=== Exercise instructions ===
Return verbatim the run of lines that opens with the line holding "Some of the words" and closes with the last line of the records.

::: Record excerpts

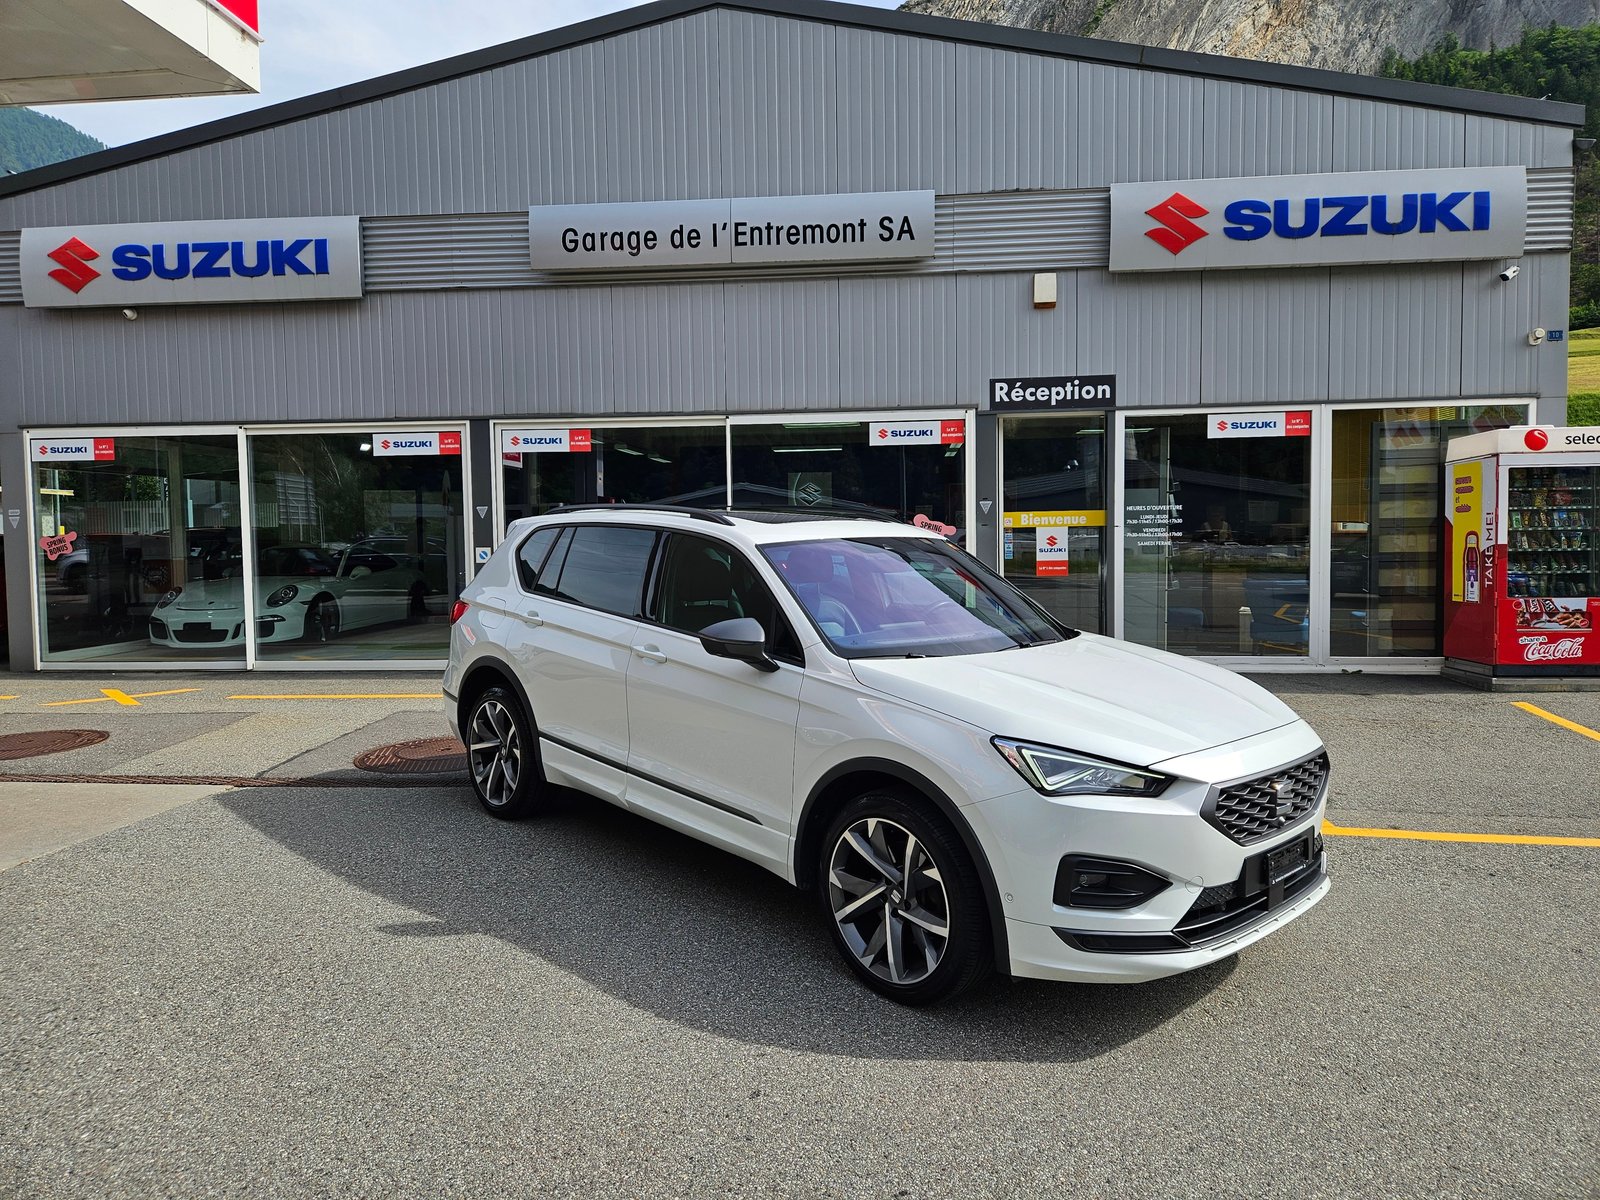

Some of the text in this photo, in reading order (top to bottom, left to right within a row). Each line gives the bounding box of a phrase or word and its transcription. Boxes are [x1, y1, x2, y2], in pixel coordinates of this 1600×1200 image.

[1223, 191, 1491, 241] SUZUKI
[561, 227, 658, 257] Garage
[670, 224, 701, 249] de
[878, 215, 915, 242] SA
[112, 238, 330, 281] SUZUKI
[995, 379, 1111, 406] Réception
[1230, 421, 1277, 429] SUZUKI
[920, 521, 942, 532] SPRING
[1020, 514, 1087, 525] Bienvenue
[47, 537, 66, 548] SPRING
[49, 544, 68, 555] BONUS
[1484, 546, 1493, 588] TAKE
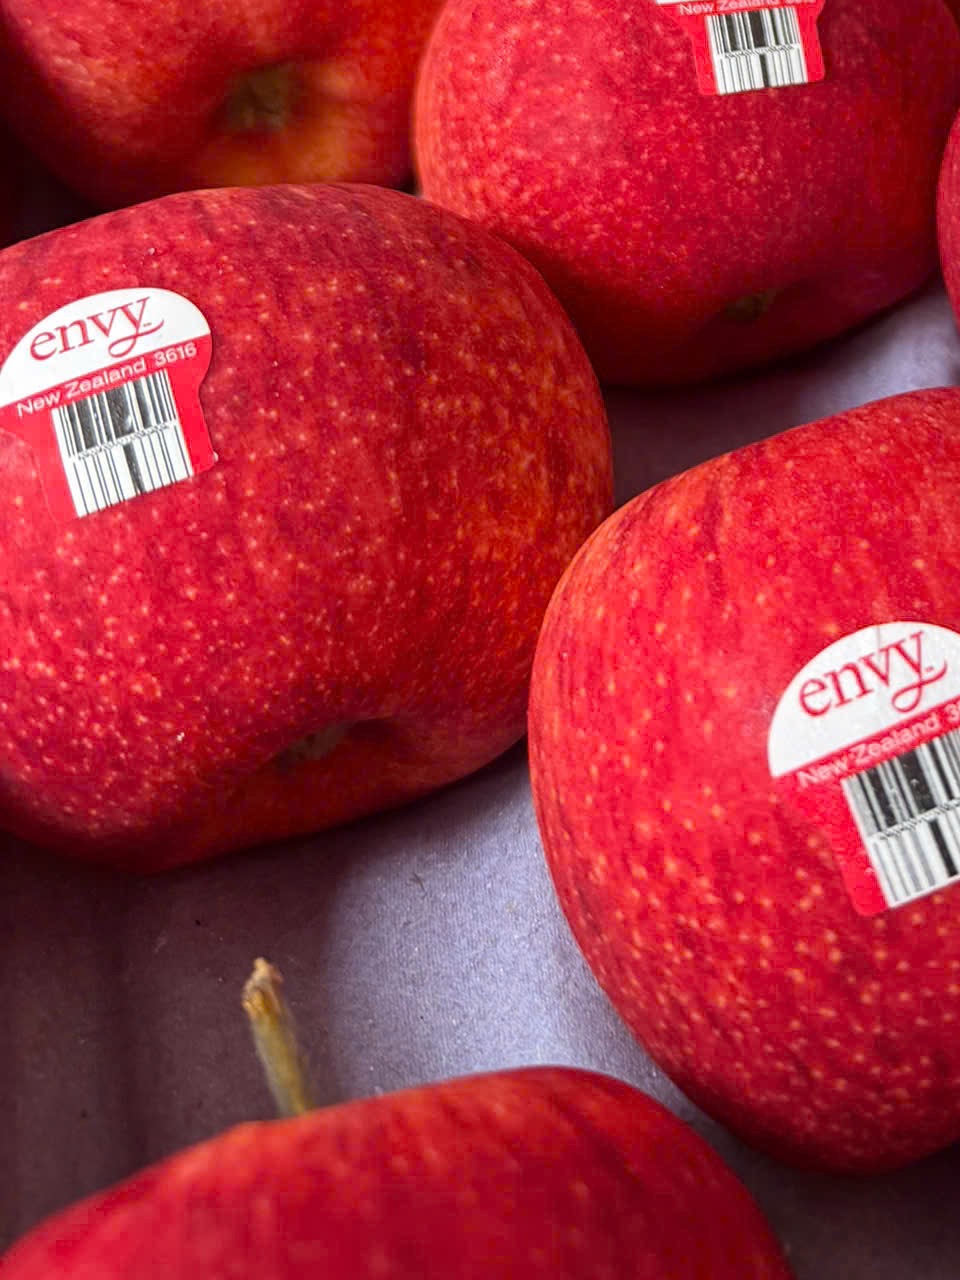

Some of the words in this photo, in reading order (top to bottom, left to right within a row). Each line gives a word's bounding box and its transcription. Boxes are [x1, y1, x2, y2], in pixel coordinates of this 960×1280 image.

[679, 2, 715, 16] New
[29, 296, 165, 362] envy
[16, 392, 61, 419] New
[64, 357, 147, 399] Zealand
[153, 342, 198, 368] 3616
[798, 631, 949, 718] envy
[796, 757, 850, 789] New
[850, 714, 941, 765] Zealand

::::::

=== Solution for this task ===
Some of the words in this photo, in reading order (top to bottom, left to right within a row). Each line gives a word's bounding box and its transcription. Boxes are [x1, y1, x2, y2], in pixel coordinates of this 960×1280 image.

[679, 2, 715, 16] New
[29, 296, 165, 362] envy
[16, 392, 61, 419] New
[64, 357, 147, 399] Zealand
[153, 342, 198, 368] 3616
[798, 631, 949, 718] envy
[796, 757, 850, 789] New
[850, 714, 941, 765] Zealand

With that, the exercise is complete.